Students from the UNLV Howard R. Hughes College of Engineering will showcase lessons learned from their undergraduate education when they display commercially viable projects at the Fall 2015 Senior Design Competition.
8 a.m. to 2:30 p.m. on Thurs., Dec. 3
All projects will be shown for the duration of the event, with a scheduled break from noon to 1 p.m.
Stan Fulton Building (view on campus map)
This semester, 21 teams of undergraduate students created a variety of technologically innovative projects, including a design that makes it easier for nurses to move patients onto emergency aircraft and a solution that would deter birds from hitting large windows.

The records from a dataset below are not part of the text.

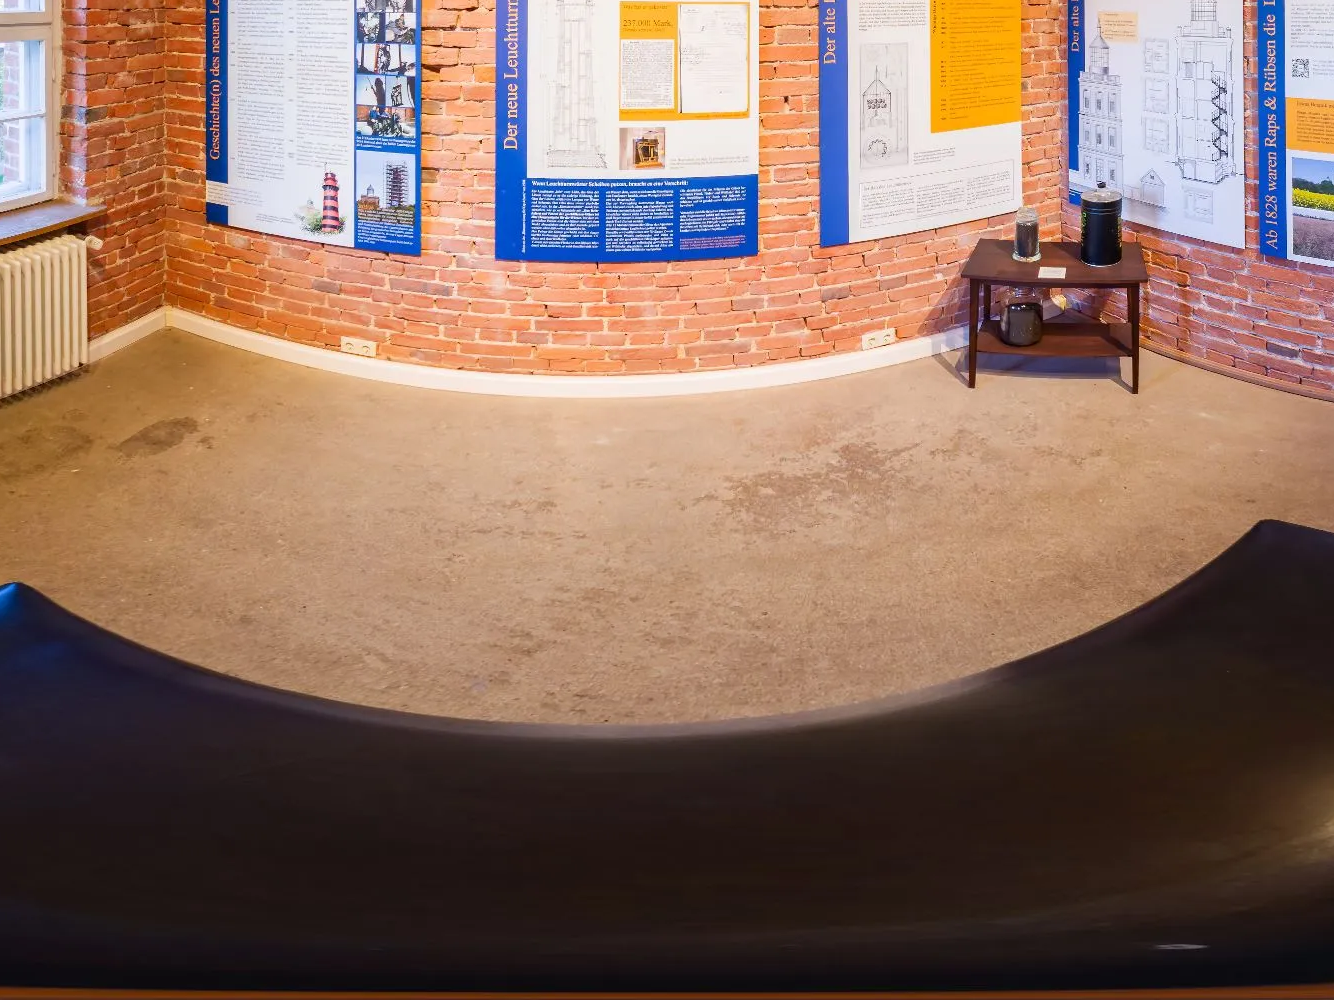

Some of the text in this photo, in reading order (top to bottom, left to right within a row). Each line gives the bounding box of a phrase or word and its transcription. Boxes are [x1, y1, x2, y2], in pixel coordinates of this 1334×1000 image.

[823, 7, 835, 33] alte
[1071, 5, 1079, 27] alte
[1263, 14, 1276, 36] die
[212, 18, 220, 57] neuen
[1071, 31, 1079, 52] Der
[824, 39, 836, 64] Der
[210, 61, 220, 77] des
[1264, 40, 1276, 92] Rübsen
[507, 84, 518, 119] neue
[1264, 96, 1276, 110] &
[210, 79, 222, 160] Geschichte(n)
[1265, 114, 1280, 148] Raps
[504, 123, 518, 150] Der
[1268, 152, 1277, 191] waren
[1265, 195, 1278, 225] 1828
[1265, 229, 1278, 249] Ab
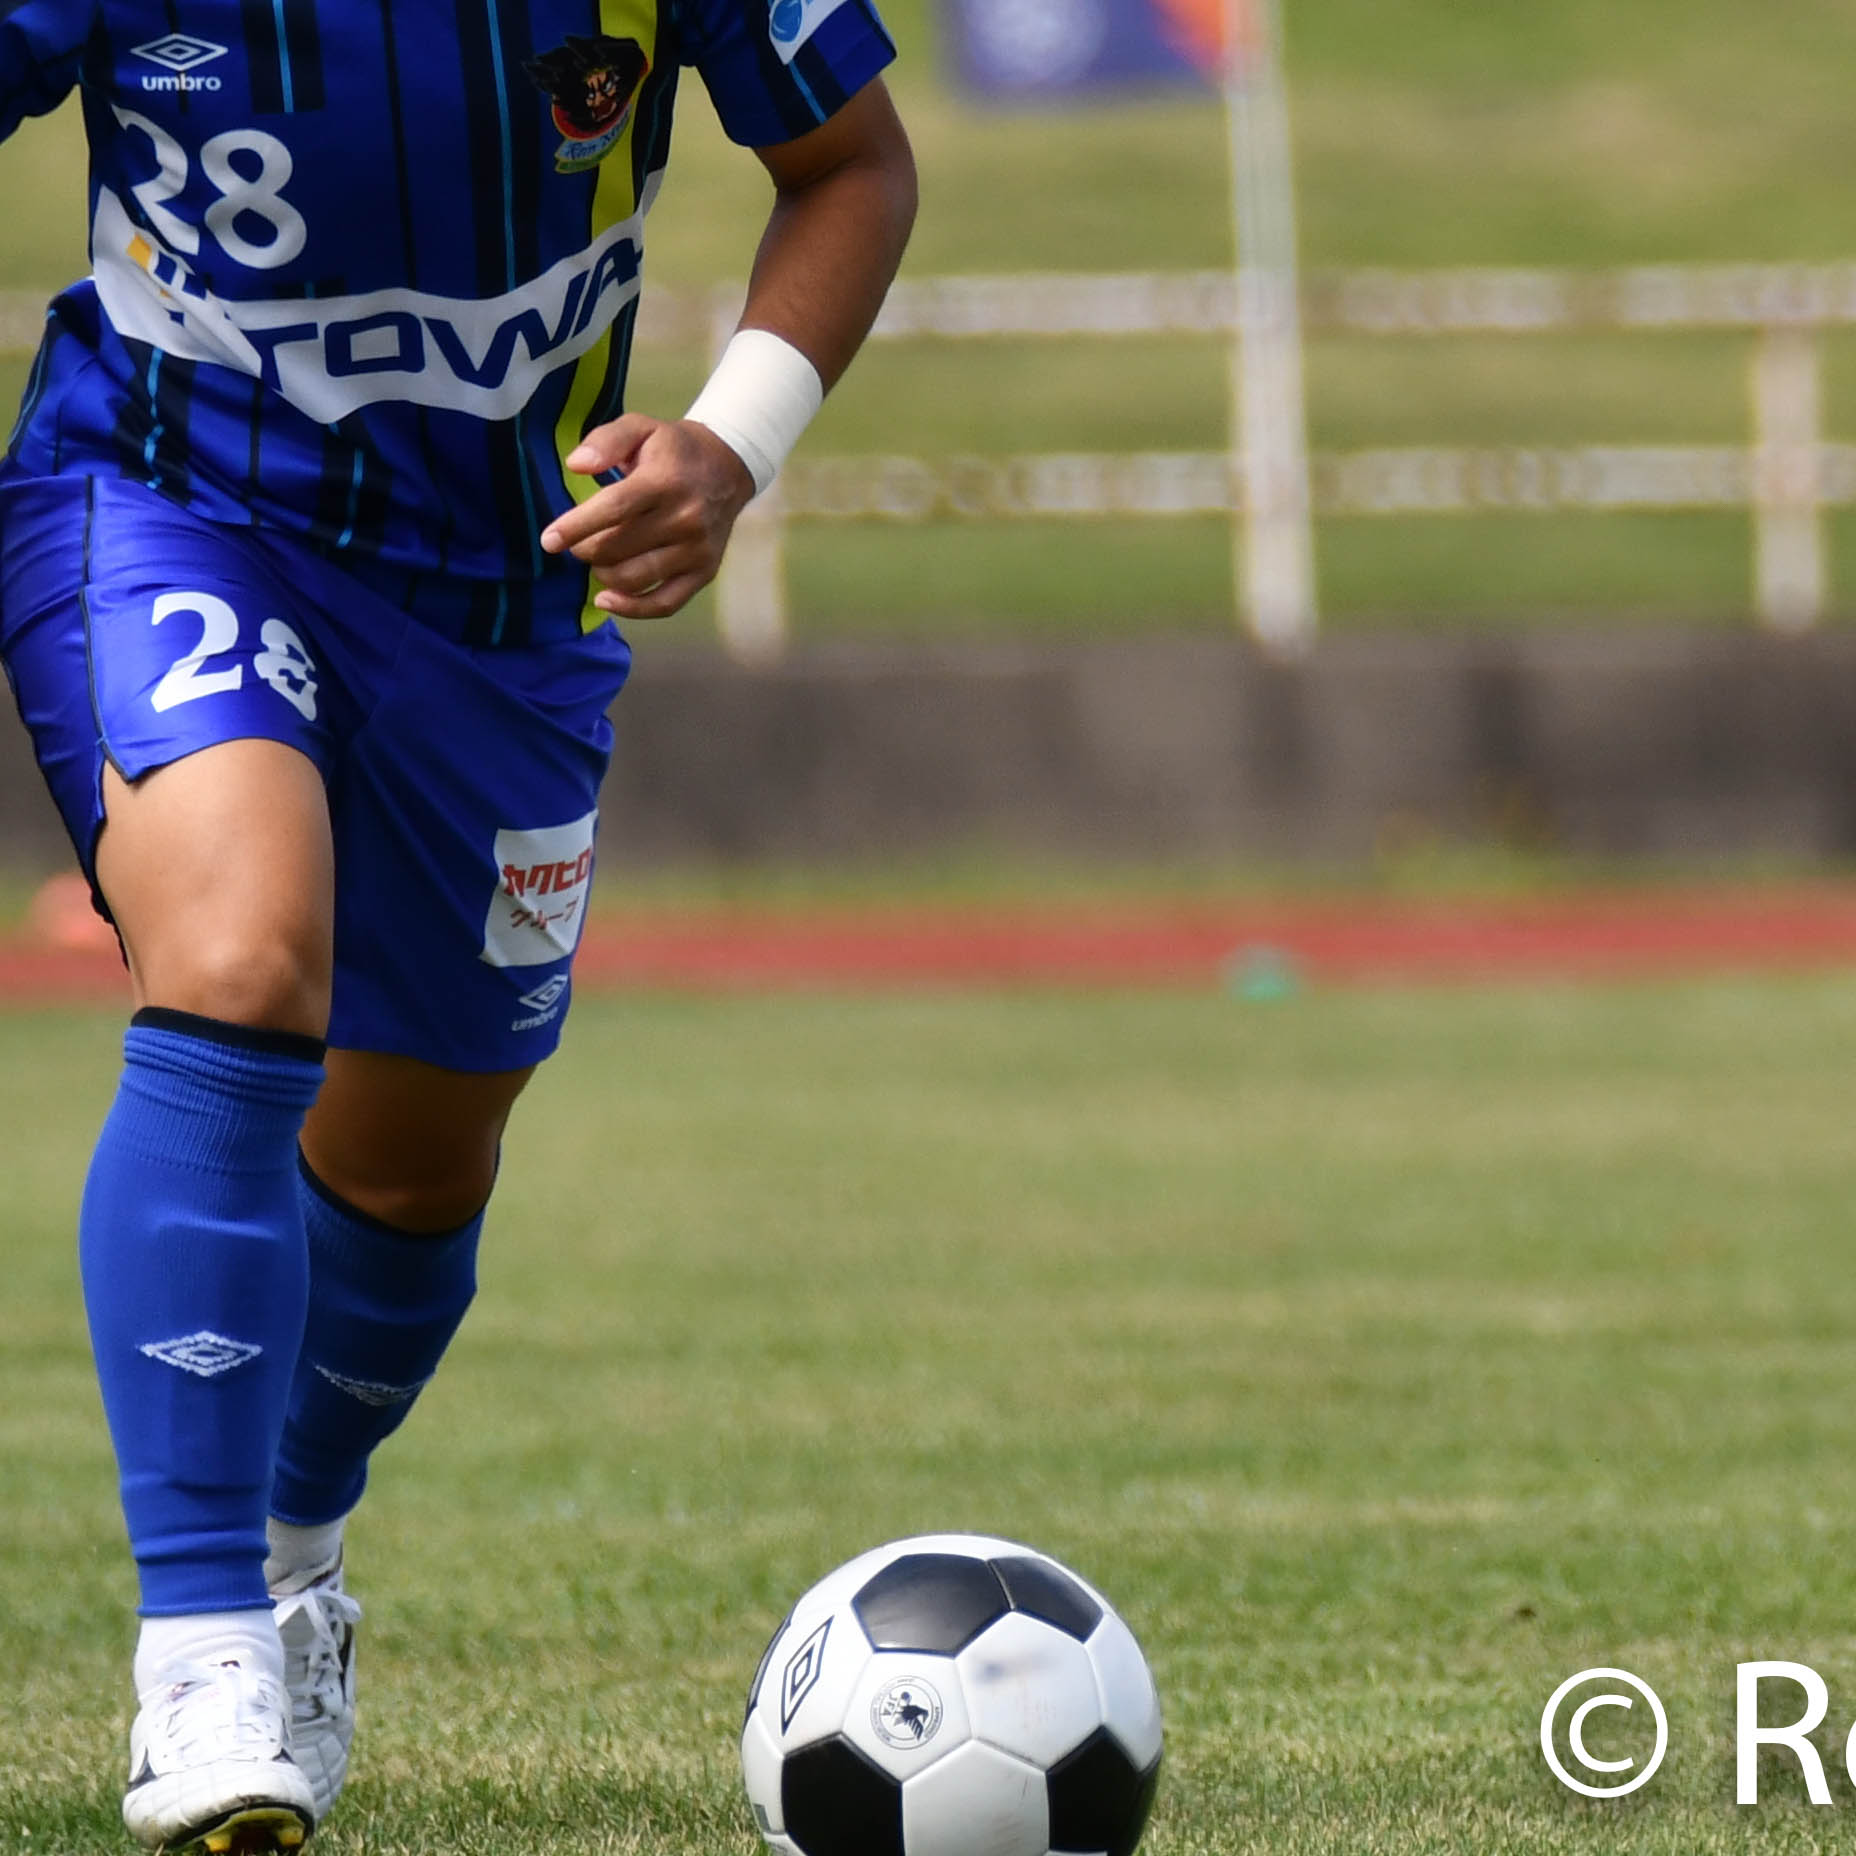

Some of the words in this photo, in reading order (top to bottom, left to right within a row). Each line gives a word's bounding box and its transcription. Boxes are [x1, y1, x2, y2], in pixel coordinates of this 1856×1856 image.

[141, 73, 222, 91] umbro
[110, 103, 307, 270] 28
[150, 591, 318, 722] 28
[502, 847, 593, 898] カクヒロ

The Senior Design Competition is the capstone project for undergraduate engineering students at UNLV. The event is judged by local industry representatives and has thousands of dollars in prize money on the line. The competition introduces students to the spirit of entrepreneurship and the benefits of commercial application.
Senior design teams are offered the opportunity to partner with MBA students from the Lee Business School to create a business plan as part of the MBA curriculum. This collaboration has led to great success at the Dominic Marrocco Southern Nevada Business Plan Competition, the Governor's Cup, and the subsequent creation of many successful businesses.
The senior design program runs in perpetuity thanks to a $3 million gift from Fred and Harriet Cox. Fred Cox, who passed away in August 2014, was a successful engineer/entrepreneur and ardent supporter of the College of Engineering. He was instrumental in the design competition's growth over the past decade as a donor, advocate, role model, and mentor.
Note: A partial list of projects is outlined below. A complete list of all projects will soon be available at unlv.edu/engineering.
This team proposes to build a parking structure behind the Lied Library. The garage will be an efficient system that moves high volumes of traffic, while creating three floors of parking and capacity for about 1,400 cars. A solar panel would be installed on the top floor, creating shading for vehicles that park on the top as well as generate power needed to run the garage.
Methane Sensor Module
This team created a mobile detection system for methane emissions inside a module that will mount onto a small unmanned aerial vehicle (UAV) or drone. The team partnered with Skyworks Aerial Systems, a Las Vegas company founded by UNLV engineering alumni using their senior design project drone. In this project, the measurement data of methane will be sent wirelessly to a central computer for further investigation and analysis. These sensors are small in weight and size and allow for a lower cost of UAVs due to a lower lift demand. This smaller size could help UAVs become more prevalent across multiple industries, resulting in lower global greenhouse emissions.
For the Birds
Collisions with windows is one of the biggest threats to birds in America. Birds fail to recognize transparent or reflective glass, resulting in deaths or injuries. This team created ultra violet reflective and absorbing stripes that are visible to birds, but invisible to humans. In the stripes, a considerable portion of infared energy is reflected, creating energy savings in buildings of abundant sunlight.
Mechanized Sock Donner
As people age, they develop problems such as arthritis, which affect their flexibility and independence. Some people don’t have the flexibility to put on socks. This team developed a mechanized sock donner, which puts the sock on for the user with minimal flexibility required. It consists of two four-bar mechanisms, one on each side of the foot. Clamps are attached to each coupler link, and they pull the sock along the designed path around the foot and ankle.
This team developed a solution that could minimize the risk of work-related injuries for nurses during the loading procedure of a patient onto an aircraft. They have created an electronic lifting mechanism that allows nurses to raise a ramp to a desired height, so that the patient can be easily positioned with minimal effort. The design would appeal to any air medical transport companies seeking faster, improved loading procedures of patients.